Descending specificity — A rule that appears later but has lower specificity than an earlier rule targeting the same property is an error.
Manually enforced (code review)¶
Colors should use CSS variables — Every color should come from extension/data/css/base.css. Direct color values in component CSS almost always indicate a missing variable. When no variable exists for the role, use rgb() with an /* intentional: <reason> */ comment:
/* correct */
background-color: var(--toolbox-bg);
color: var(--toolbox-text-body);
/* only when no variable exists for this semantic role */
background-color: rgb(255 255 22); /* intentional: bright yellow is the canonical text-search highlight color */
!important requires an explanatory comment — Only acceptable when overriding Reddit or RES styles where specificity escalation alone cannot win. The comment must name the rule being overridden:
/* acceptable — Reddit's stylesheet sets this with high specificity */
.toolbox-scope a {
color: var(--toolbox-link-color) !important; /* overrides Reddit's .entry a rule */
}
/* never — do not use !important within toolbox's own component styles */
.container {
display: flex !important;
}
Unit choice — Toolbox UI should use a predictable component font base.
Shadow DOM (
mountReactInBody,reactRenderer)::hostsets the Toolbox UI base font size.Light DOM (
mountReactInLightBody,mountToTargetwithshadow: false): components may inherit Reddit/page font sizing unless mounted under a Toolbox UI root that sets the same base.Shared React components should not depend on Reddit’s ambient page font size. If a component may render in both contexts, ensure its mount root provides the Toolbox base before using
em-based typography.
Toolbox’s UI typography base is 12px. Convert typography relative to that base: 10px = 0.8333em, 11px = 0.9167em, 12px = 1em, 13px = 1.0833em, 14px = 1.1667em.
Use px for borders, radii, fixed icon sizes, and fixed control geometry; em for typography and text-coupled spacing inside Toolbox UI components; % for container-relative widths; vh/vw for full-page overlays.
CSS Modules vs. global CSS — CSS Modules (.module.css) for all React component styles; global .css for legacy Reddit DOM injection and theme variables. Do not add new global CSS rules for React components.

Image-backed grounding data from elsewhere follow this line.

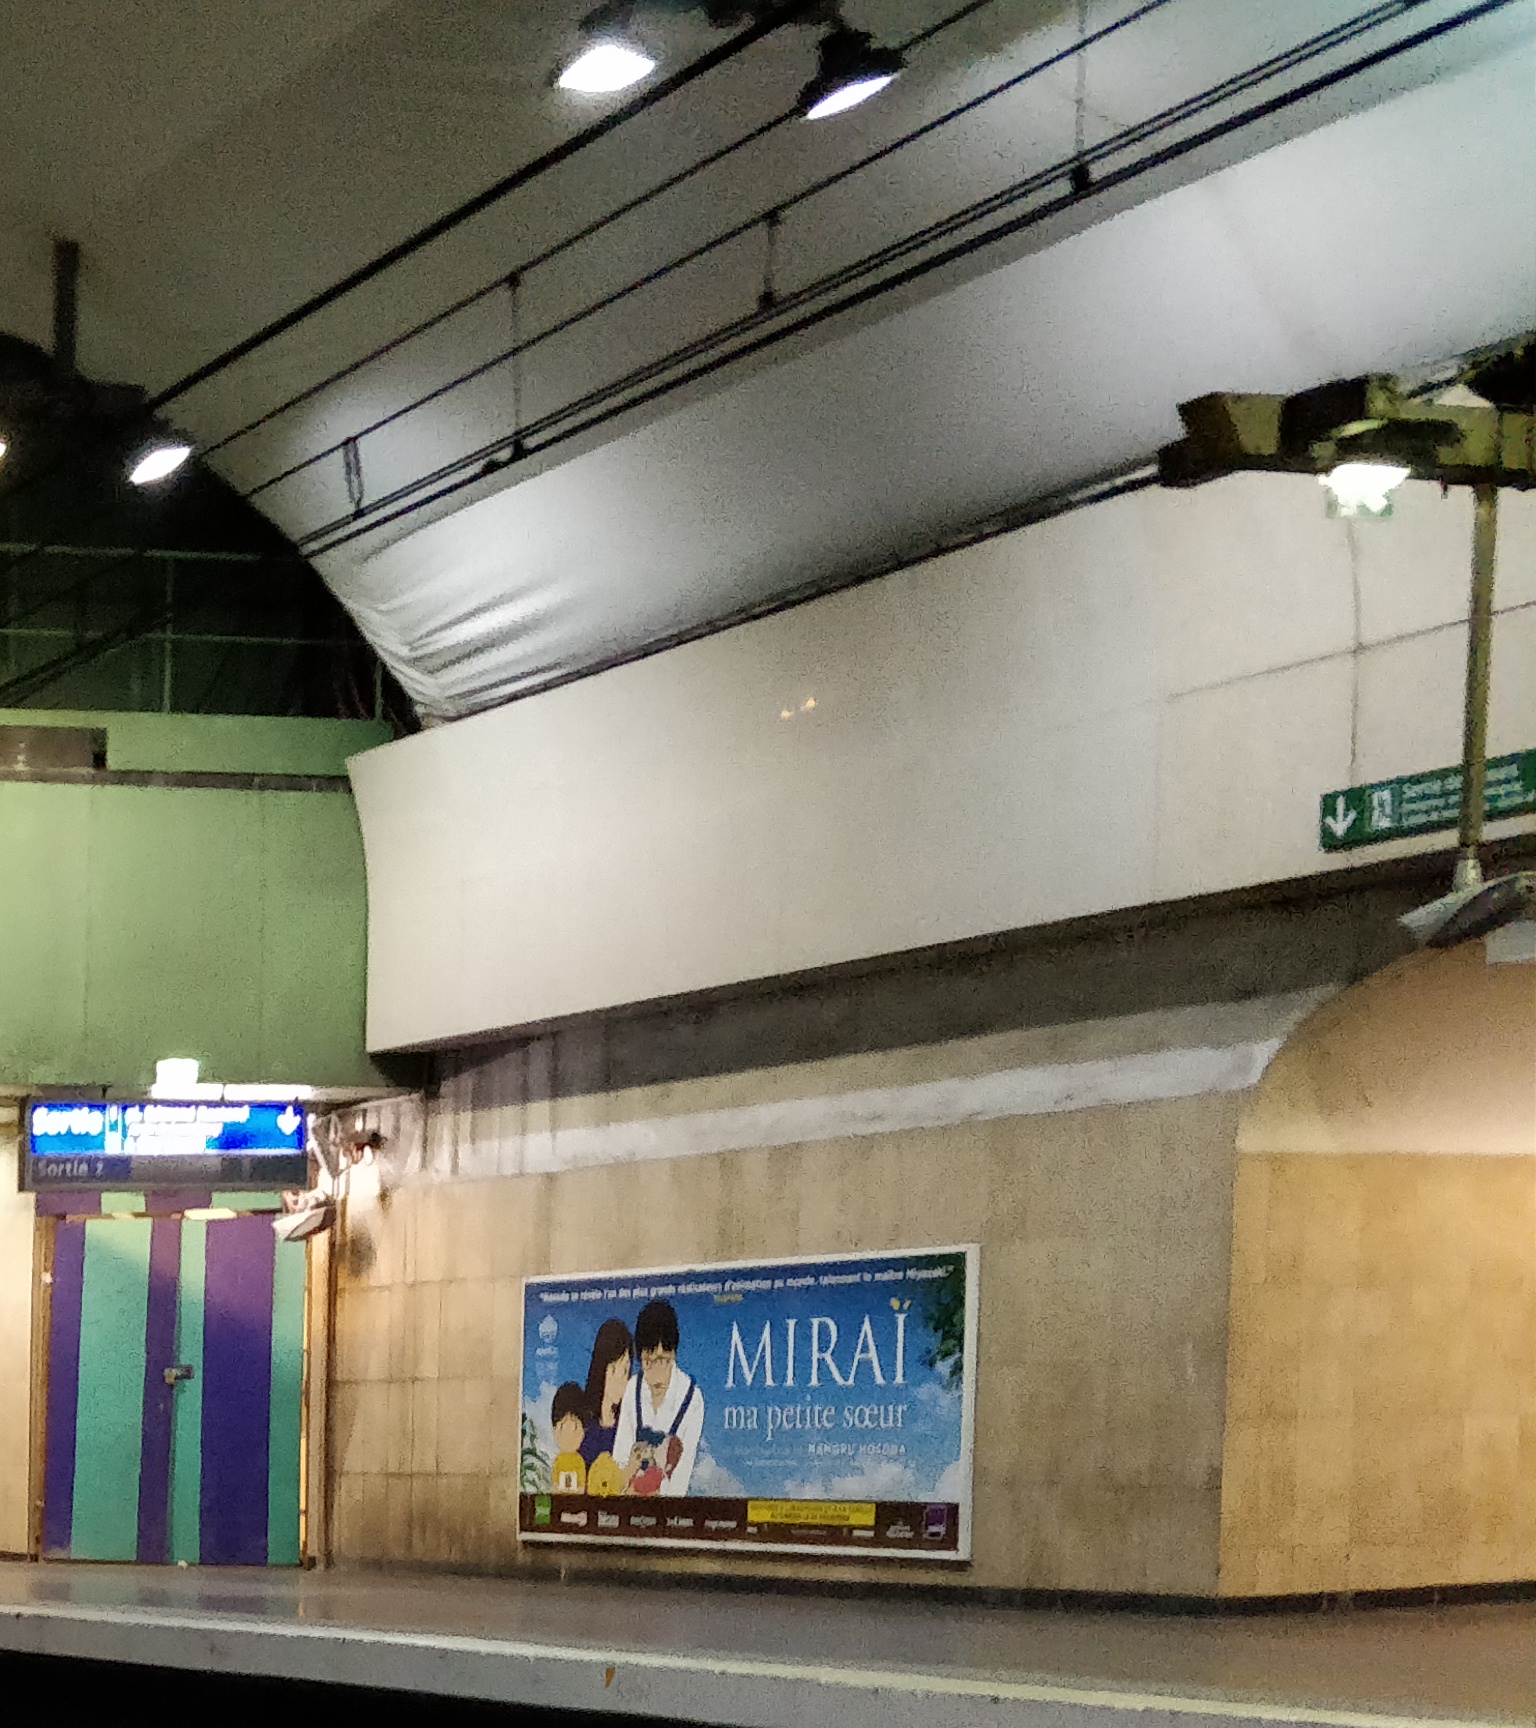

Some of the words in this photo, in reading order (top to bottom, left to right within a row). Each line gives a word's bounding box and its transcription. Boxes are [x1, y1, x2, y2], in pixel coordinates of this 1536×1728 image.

[725, 1296, 912, 1389] MIRAÏ
[724, 1404, 760, 1430] ma
[765, 1393, 836, 1441] petite
[842, 1403, 909, 1430] sœur
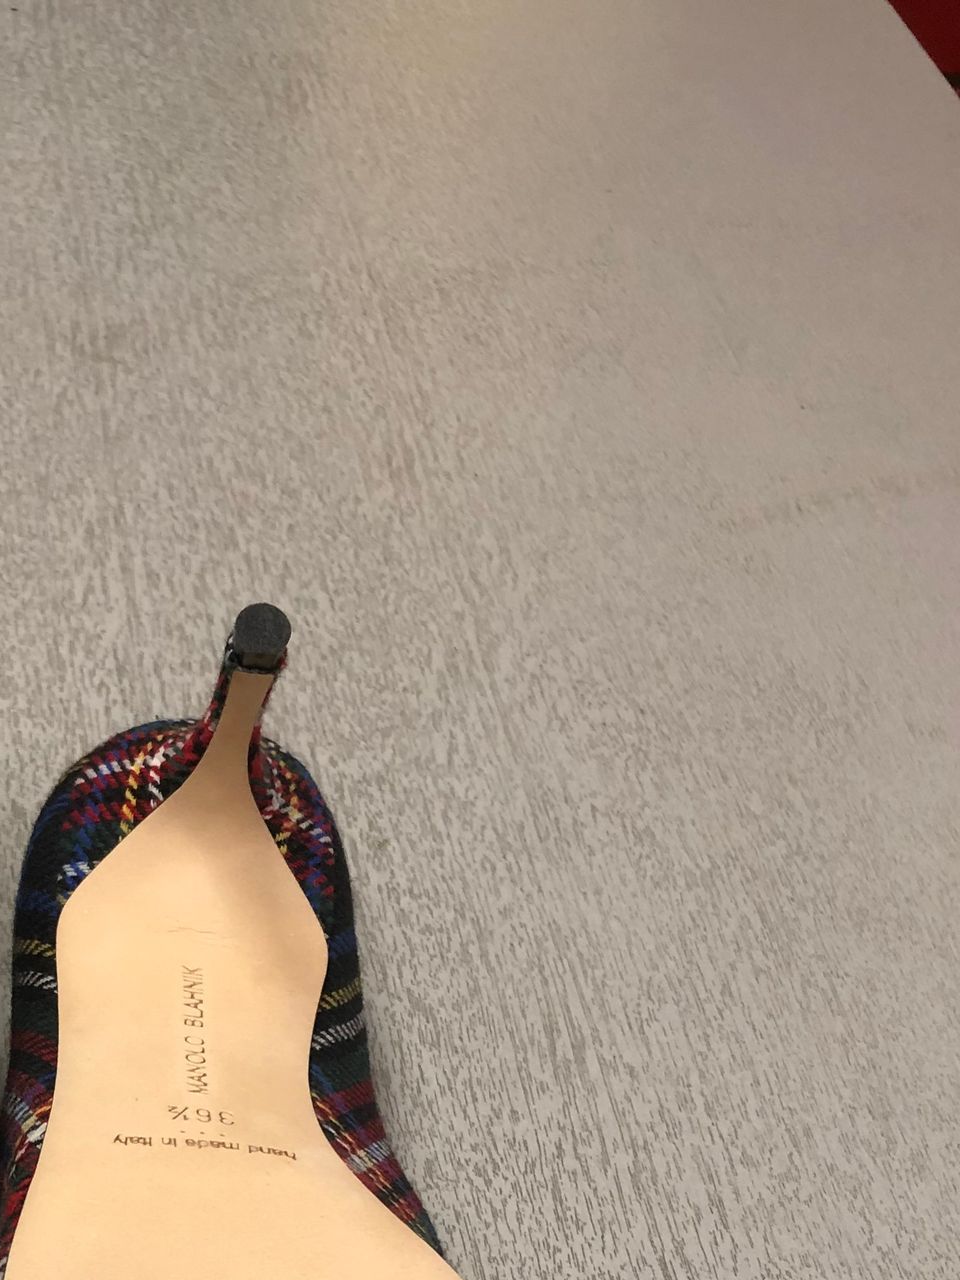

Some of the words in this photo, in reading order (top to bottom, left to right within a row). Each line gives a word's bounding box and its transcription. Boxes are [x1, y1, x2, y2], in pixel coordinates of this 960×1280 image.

[181, 964, 204, 1028] BLAHNIK
[185, 1035, 208, 1095] MANOLO
[113, 1134, 153, 1147] Italy
[185, 1137, 240, 1151] made
[248, 1144, 297, 1161] hand

Selector specificity — Keep specificity low. Prefer class selectors over element selectors chained with classes. Use :is() for forgiving selector lists:
/* correct */
:is(.toolbox-scope, :host) .toolbox-button { ... }
/* avoid — higher specificity than necessary */
div.toolbox-scope div.toolbox-button { ... }
The one exception to “prefer class over element” is when the element type is semantically meaningful — specifically, when a class is applied to multiple element types and the rule should only apply to one of them.

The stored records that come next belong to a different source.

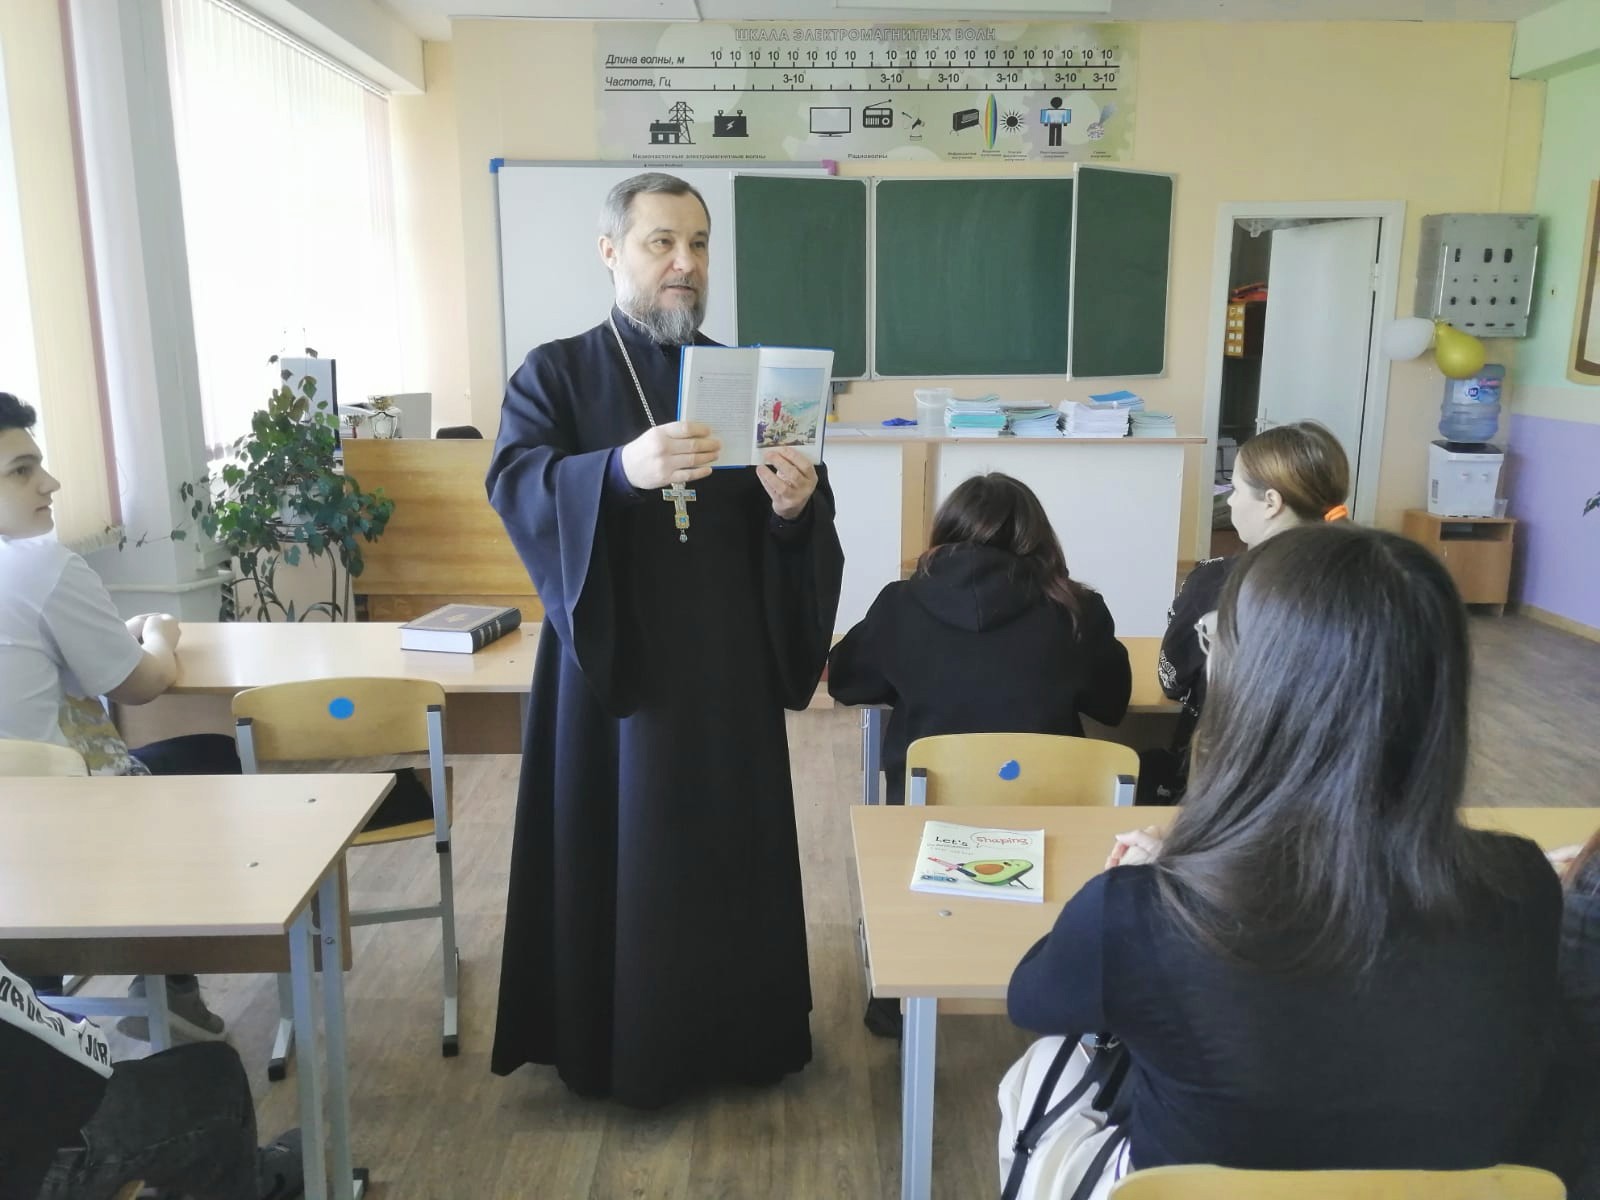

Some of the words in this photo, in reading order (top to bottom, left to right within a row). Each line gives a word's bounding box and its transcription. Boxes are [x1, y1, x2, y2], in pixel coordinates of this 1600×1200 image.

[735, 28, 790, 41] ШКАЛА
[793, 28, 951, 41] ЭЛЕКТРОМАГНИТНЫХ
[955, 28, 996, 41] ВОЛН
[605, 54, 638, 65] Длина
[640, 56, 674, 65] волны,
[676, 56, 685, 64] м
[605, 76, 656, 88] Частота,
[659, 76, 671, 88] Гц
[935, 835, 969, 847] Let's
[85, 1034, 112, 1067] JOR

Specificity overrides — When a Toolbox rule must beat a Reddit or subreddit CSS rule and !important is not appropriate, a specificity lift may be required. Two approved patterns:
Class lift — repeat
.toolbox-scopeas a compound selector. Raises specificity from(0,2,0)to(0,3,0). Use when competing against multi-class Reddit rules:/* beats Reddit's .site-table .link .author at (0,3,0) */ .toolbox-scope.toolbox-scope .toolbox-tagline .toolbox-comment-author { ... }Element lift — qualify the scope anchor with
body. Raises specificity from(0,2,0)to(0,2,1). Use when competing against element-qualified Reddit rules:/* beats Reddit's a.author at (0,1,1) */ body.toolbox-scope .toolbox-submission-author { ... }
The two patterns are not interchangeable: (0,3,0) and (0,2,1) are in different columns and don’t beat each other. Pick based on the actual adversary.
Every specificity lift must have a comment naming the rule being beaten and its specificity. Without the comment, the doubled class looks like a copy-paste error.